Sunday, May 17, 2020

Christopher Bremicker Drops In

This week's guest author is Christopher Bremicker.




VIRTUAL AUTHOR VISIT WITH CHRISTOPHER G. BREMICKER
Christopher G. Bremicker was a Green Beret medic stationed at Ft. Bragg NC from 1968 to 1970. He has a BA in English and a Master’s in Business Administration, both from the University of Minnesota. He is a newspaperman, downhill skier, and grouse hunter. He plays handball and reviews theater. He is a sales associate at Walgreen’s in St. Paul, MN, his forty-sixth job since high school. His hometown is Cable, WI. He has won awards from Veterans Voices Writing Project Inc. from the VFW, and the American Legion.

 
About Song for My Baby and Other Stories
Publication date: June 16, 2020
Publisher: Unsolicited Press
Genre: Hybrid, fiction, nonfiction, memoir

Song for My Baby and Other Stories is best described as a work with great variety. What begins with the sudden demise of a father on a hunting trip, transforms into a collection that deals with mental illness, hitting bottom, and an appreciation for those who stick around in the worst of times. Bremicker takes readers for a ride with no degree of certainty. From a high stakes golf game to pay off a son’s cocaine debt, a dating service that results in twelve dates in twelve months, a kidney transplant, a heart attack, a relapse on alcohol, to years in and out of psych wards and veterans’ homes, the book shifts gears from story to story.

Buy the book: Song for My Baby and Other Stories
Unsolicited Press: www.unsolicitedpress.com

Interview with Christopher G. Bremicker
Why did you start writing —what triggered your writing? 
Death of my first psychiatrist. He rarely let me talk about writing, since I was desperate to make a living and most of his help involved vocational questions. When he died, I felt free to begin my writing career. In my family, I was recognized as the bookish one and destined to write. It was agreed I would start when I became an adult. I became an adult three years before my doctor’s death. but the vocational talks continued.

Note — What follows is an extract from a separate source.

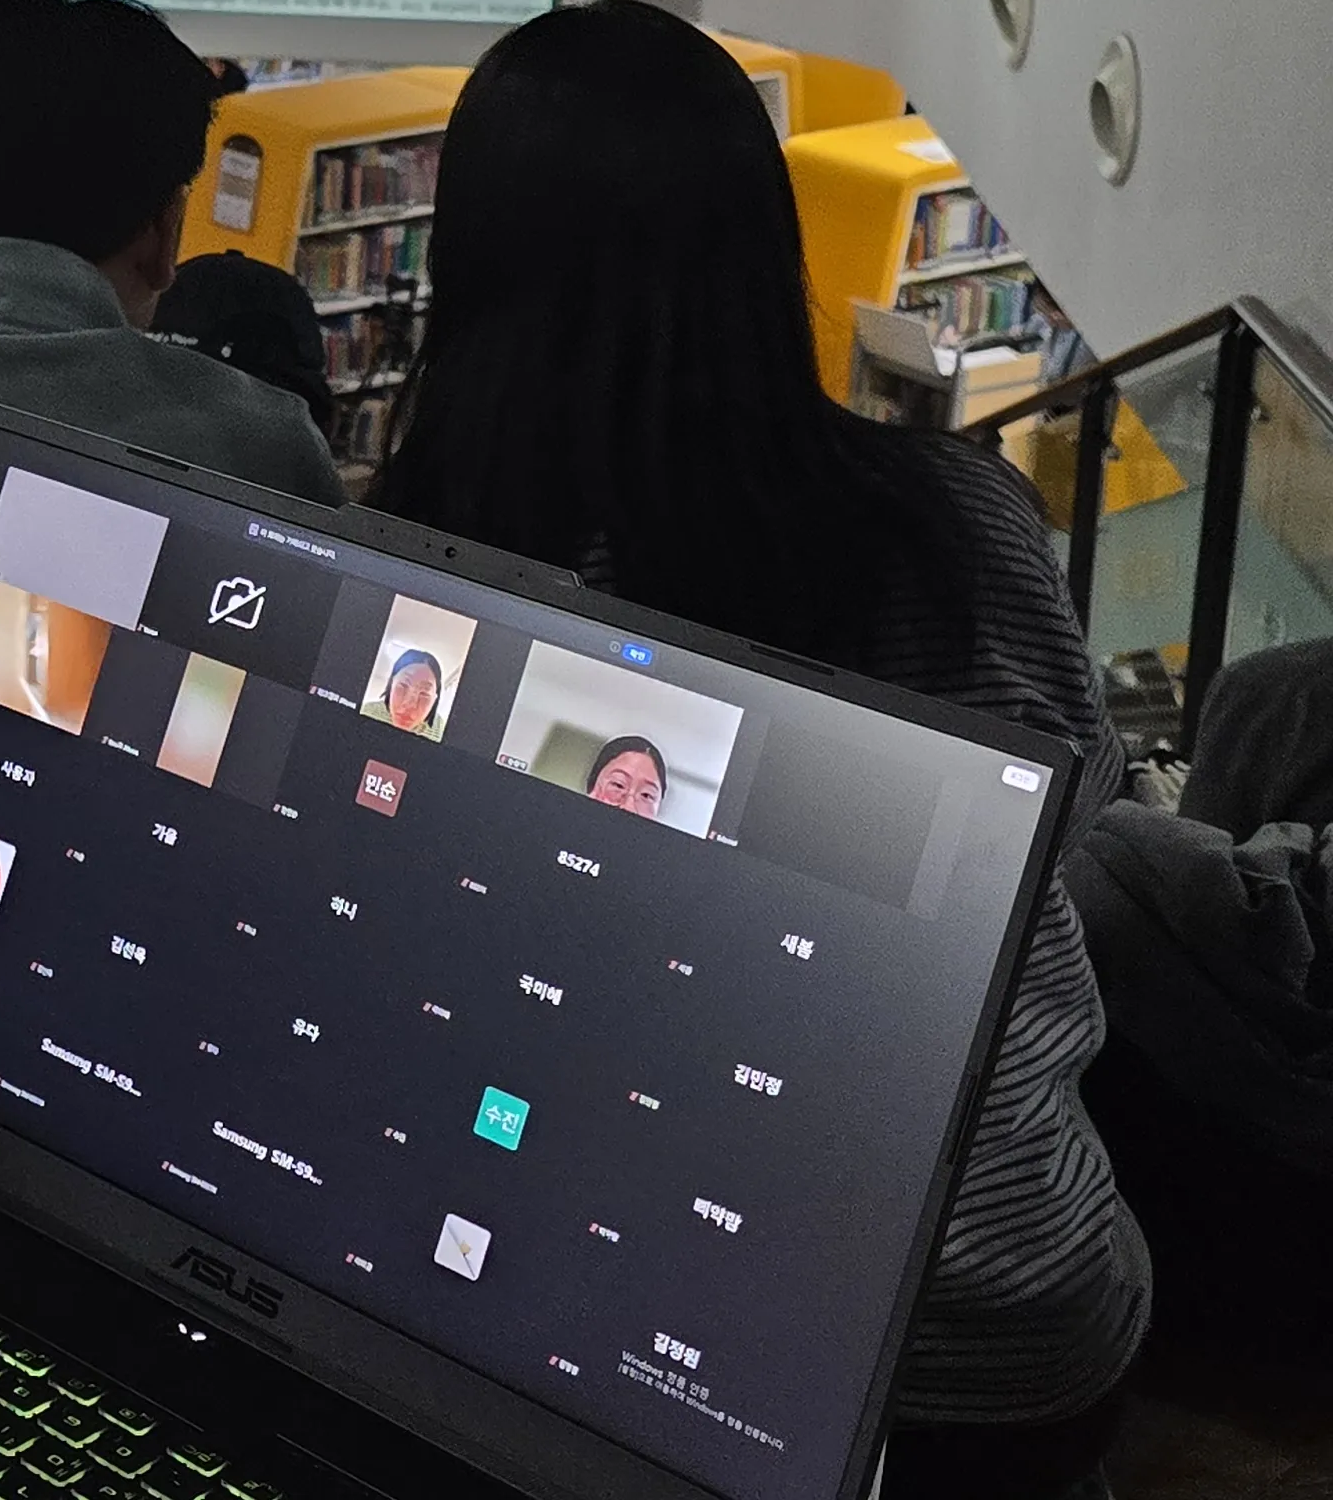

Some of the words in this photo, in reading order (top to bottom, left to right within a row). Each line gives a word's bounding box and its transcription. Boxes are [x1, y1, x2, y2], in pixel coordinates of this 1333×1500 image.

What stimulates your creativity or serves as a writing inspiration? 
My job at Walgreens, where I am a cashier.  I thrive on the wall to wall people. My writing and the job are like a teeter totter. I need one to do the other. I am terrified of retirement for that reason although I am of that age. 

Conversely, what creates a major writer’s block for you?
In general, I don’t get writer’s block. When I had it, it passed. I complained about it to my psychologist, but we decided the writing would come back. Hemingway said the way to handle it was to write one true sentence then the next true sentence. I usually ignore it or keep writing, even if it stinks. It’s better to force the issue than quit. Sometimes, I just take a few days off.

How long did it take you to write your book? 
The first story, a novella, I wrote thirty years ago. My father died six months earlier and the story reeks with grief. It is a tribute to him and my brother’s and my love for him. 

How many rewrites did it go through?
Many, as my writing coach at the VA and I edited each story. She would prefer to remain anonymous. I could not write after the heart attack and she helped rebuild my ability to write. I spent one hour per week in her office and countless hours in coffee shops working on the first fifteen stories. After a year and a half of this, I could write on my own and the last half of the book is all mine. The heart attack shattered my ability to think. I write with my sexuality and that’s where a heart attack gets a person. It’ll ruin you as a writer too. By the way, it’ll ruin you as a fisherman, too.